Washington, D.C.  20549

 

Re:                             Abbott Laboratories

Registration Statement on Form S-4

Filed February 21, 2017

File No. 333-216141

 

Dear Ms. Hayes:

 

On behalf of our client, Abbott Laboratories (“Abbott” or the “Company”), set forth below are the responses of the Company to the comments of the Staff of the Division of Corporation Finance of the U.S. Securities and Exchange Commission (the “Staff”) in your letter, dated March 2, 2017, regarding Abbott’s Registration Statement on Form S-4 filed on February 21, 2017 (the “Registration Statement”).  This letter, together with Amendment No. 1 to the Registration Statement filed today by Abbott (“Amendment No. 1”), provides Abbott’s response to the Staff’s comments.

 

For your convenience, the Staff’s comments are set forth below in bold, followed by responses on behalf of the Company.  All page references in the responses set forth below refer to pages of Amendment No. 1.  We have enclosed a copy of Amendment No. 1 marked to show changes from the Registration Statement.  Capitalized terms used but not defined herein have the meanings specified in Amendment No. 1.

 

General

 

1.                                      We note that Part III of your annual report on Form 10-K for the fiscal year ended December 31, 2016 incorporates by reference portions of your proxy statement which has not been filed yet.
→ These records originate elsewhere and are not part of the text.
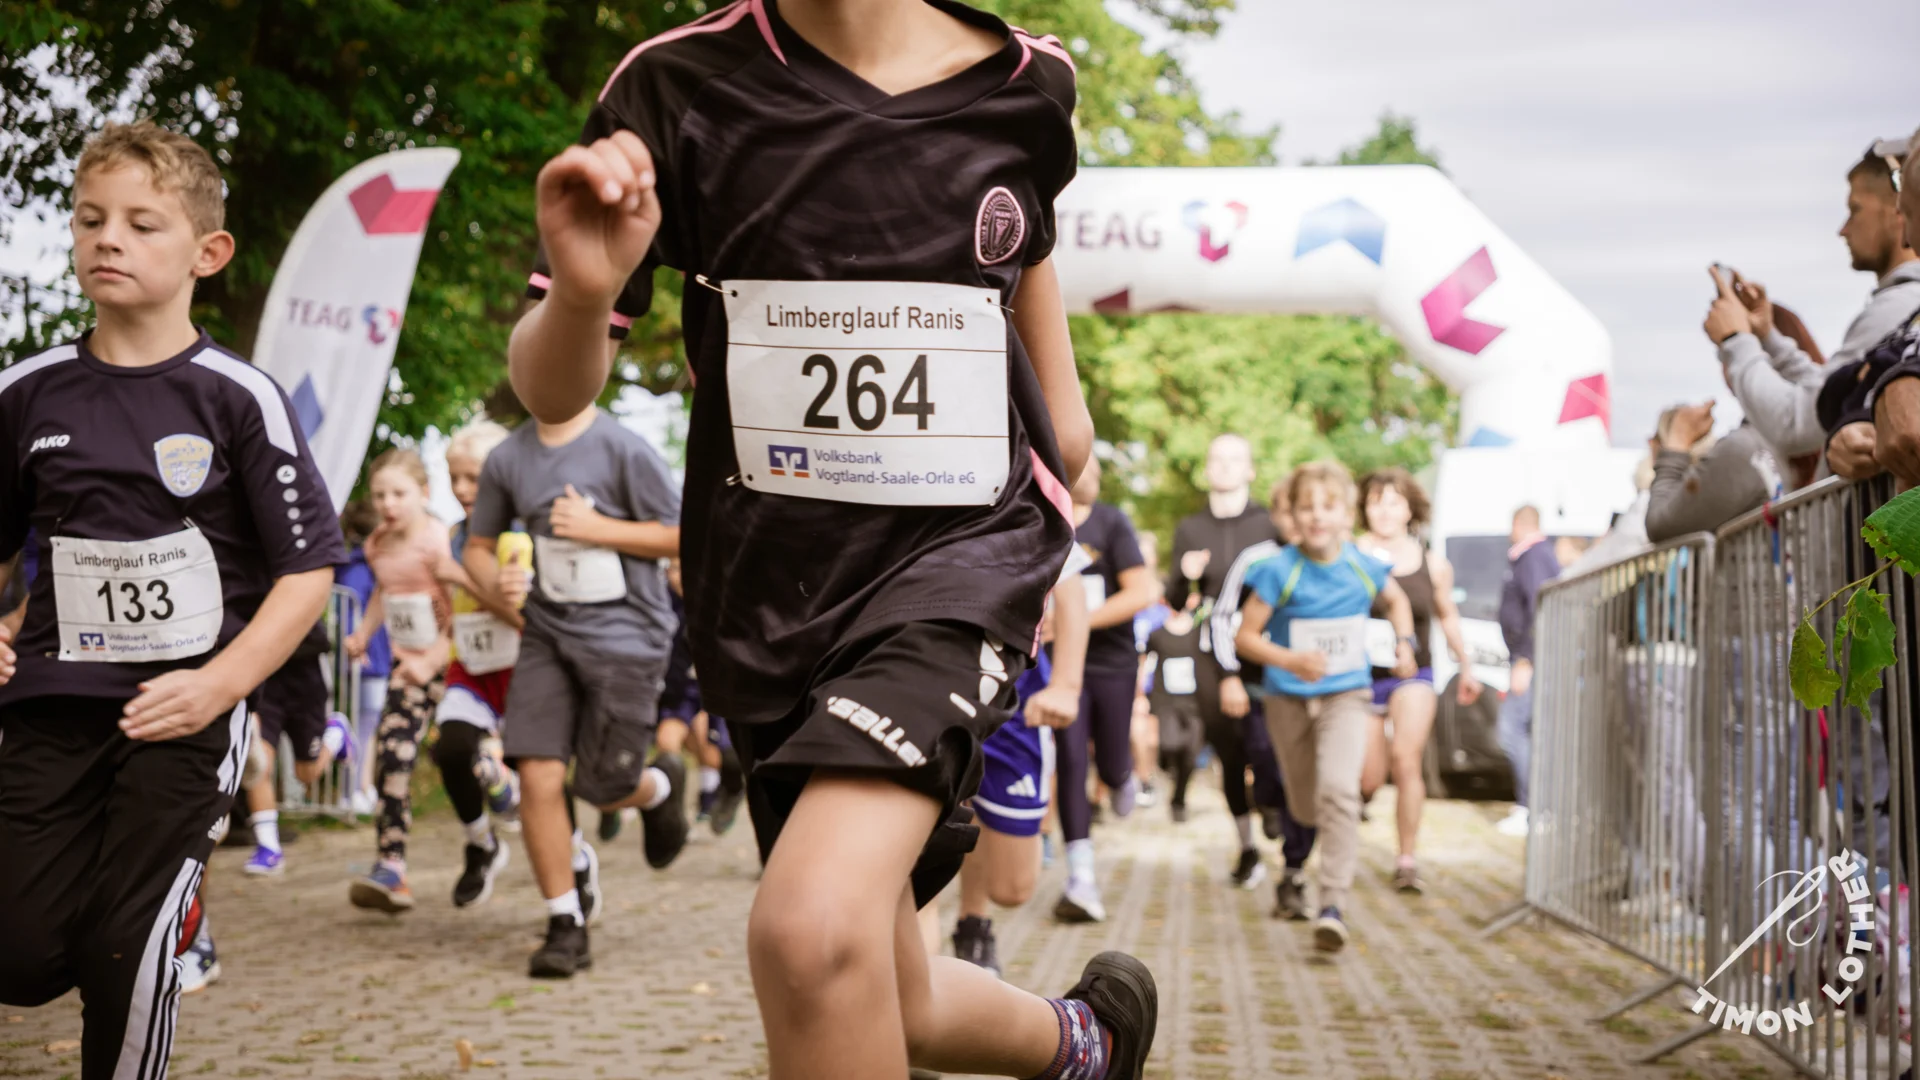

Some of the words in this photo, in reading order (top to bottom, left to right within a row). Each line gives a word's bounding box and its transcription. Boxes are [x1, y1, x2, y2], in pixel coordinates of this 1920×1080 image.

[1055, 212, 1160, 250] TEAG
[766, 305, 899, 334] Limberglauf
[908, 306, 965, 330] Ranis
[802, 353, 936, 431] 264
[30, 434, 71, 453] JAKO
[813, 448, 883, 465] Volksbank
[815, 468, 955, 486] Vogtland-Saale-Orla
[958, 471, 976, 485] eG
[74, 552, 144, 571] Limberglauf
[148, 547, 187, 566] Ranis
[97, 579, 174, 623] 133
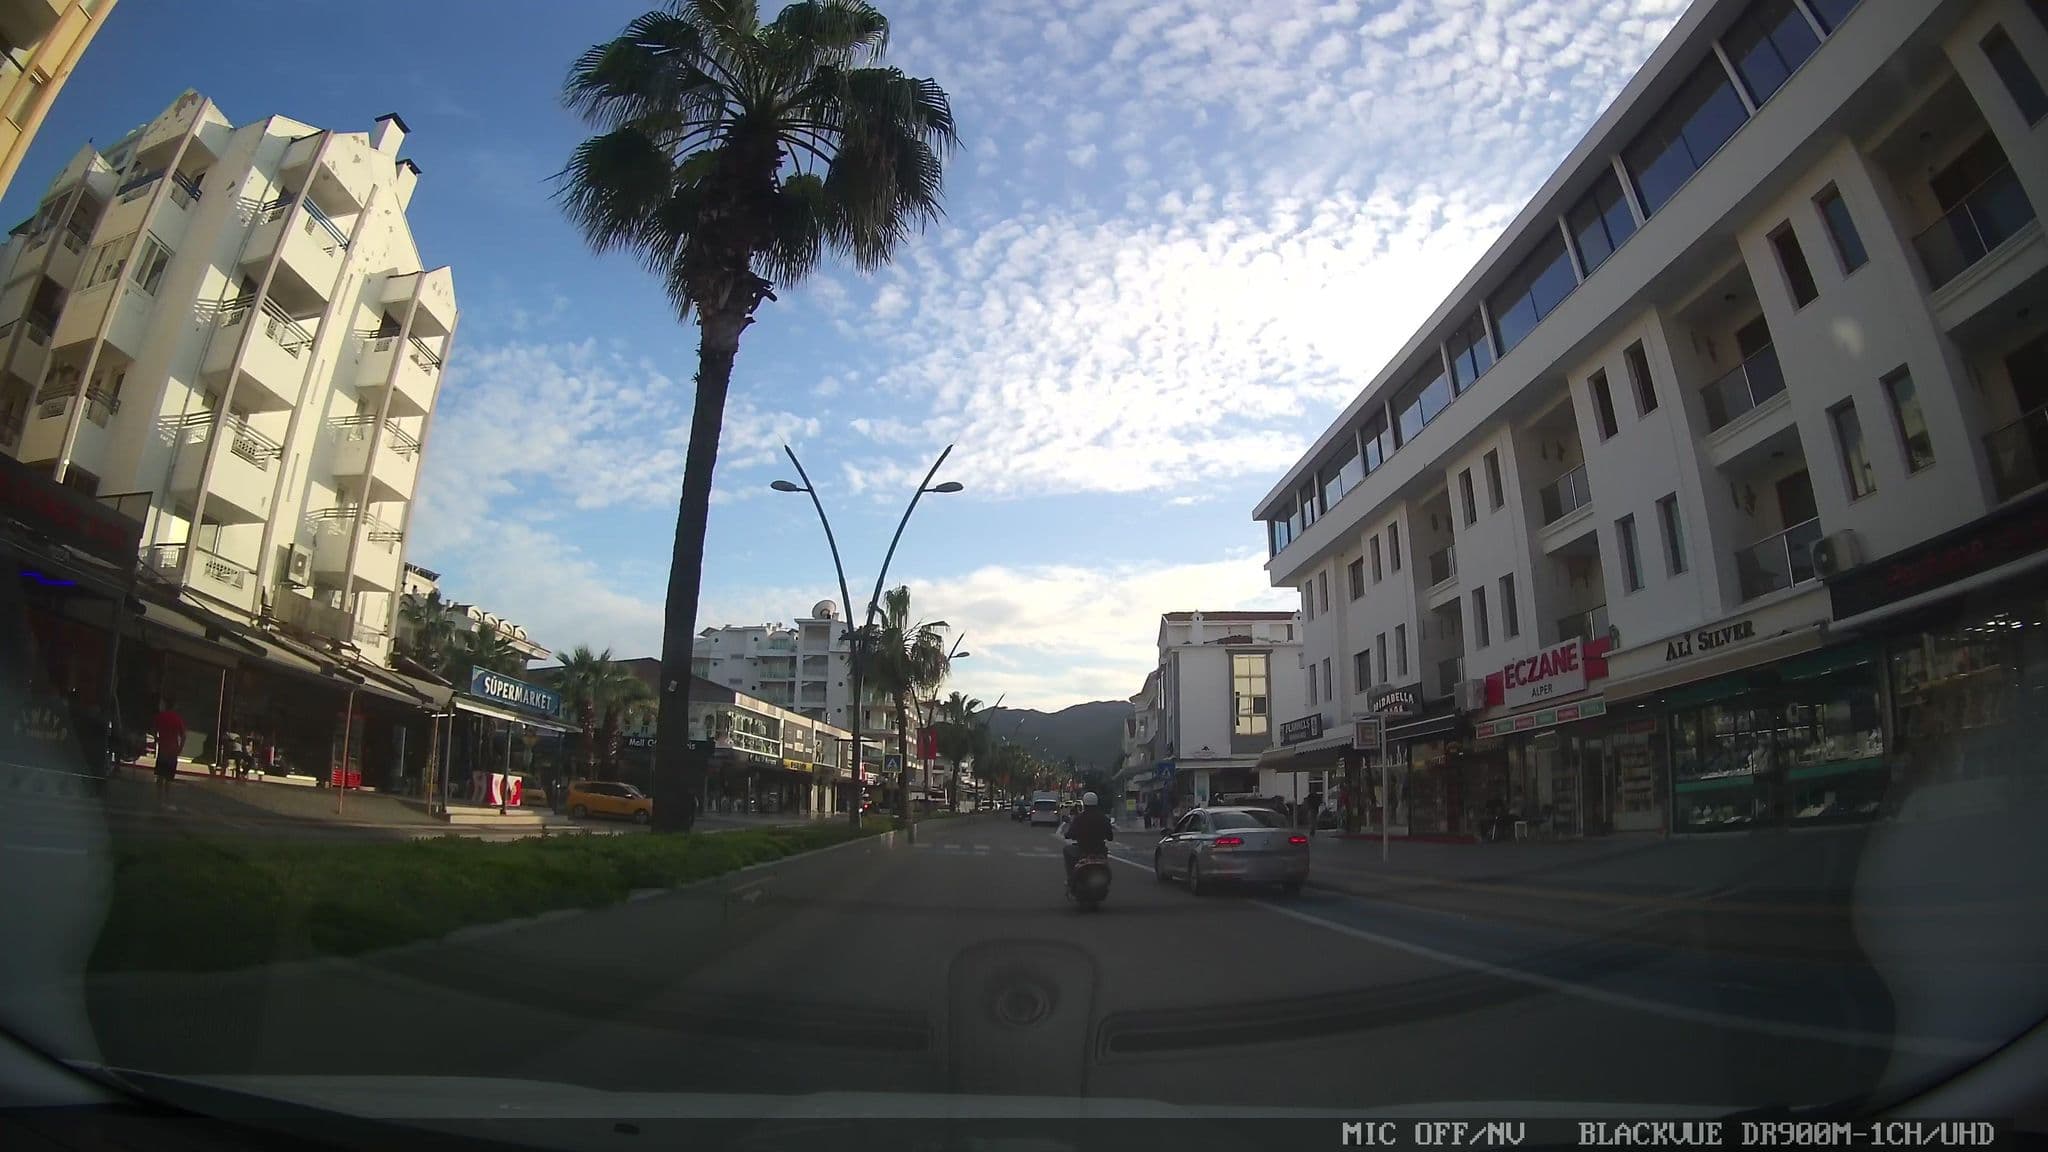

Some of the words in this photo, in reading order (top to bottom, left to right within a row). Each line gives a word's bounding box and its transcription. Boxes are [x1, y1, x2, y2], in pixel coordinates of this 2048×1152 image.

[1504, 642, 1579, 689] ECZANE
[484, 675, 552, 711] SÜPERMARKET
[1531, 683, 1553, 698] ALPER
[1373, 691, 1414, 713] MIRABELLA
[628, 737, 645, 748] Mall
Please be advised that we cannot accelerate the effective date of your registration statement until you have amended the Form 10-K to include Part III information or filed the definitive proxy statement. Please refer to Compliance and Disclosure Interpretations, Securities Act Forms Question 123.01.

 

Response:  In response to the Staff’s comment, the Company advises the Staff that it intends to file its definitive proxy statement, which will include the Part III information incorporated by

 



 

reference into its Annual Report on Form 10-K for the year ended December 31, 2016, on or before March 17, 2017.

 

Cover Page

 

2.                                      The legend states that the prospectus is not complete. The preliminary prospectus disseminated to security holders must contain all required information when an exchange offer is commenced early. Please revise.

 

Response:  In response to the Staff’s comment, the legend has been revised on the cover page and page i.

 

Cautionary Statement Regarding Forward-Looking Statements, page ii

 

3.                                      Disclosure made in connection with a tender offer is not entitled to the safe harbor provisions of the Private Securities Litigation Reform Act. See Section 21E(b)(2)(C) of the Securities Exchange Act of 1934. Please revise and refrain from referring to the PSLRA in disclosure made in connection with your tender offer.

 

Response:  In response to the Staff’s comment, the disclosure on page ii of the Registration Statement has been revised.

 

Announcements, page 88

 

4.                                      Disclosure states that amendments will be followed, as promptly as practicable, by public announcement thereof. Please revise to indicate that disclosure of material changes will be disseminated promptly in accordance with Rule 13e-4(e)(3) under the Exchange Act, or advise. Refer to Rule 162(a)(2) under the Securities Act.

 

Response:  In response to the Staff’s comment, the disclosure on page 88 of the Registration Statement has been revised.

 

Withdrawal Rights; Revocation of Consents, page 92

 

5.                                      Disclosure states that tenders of notes may be withdrawn, if not yet accepted for payment, on or after April 19, 2017, the forty-first business day after commencement. We believe that April 18, 2017 is the forty-first business day after commencement. Please revise.

 

Response:  In response to the Staff’s comment, the disclosure on page 5 and page 92 of the Registration Statement has been revised.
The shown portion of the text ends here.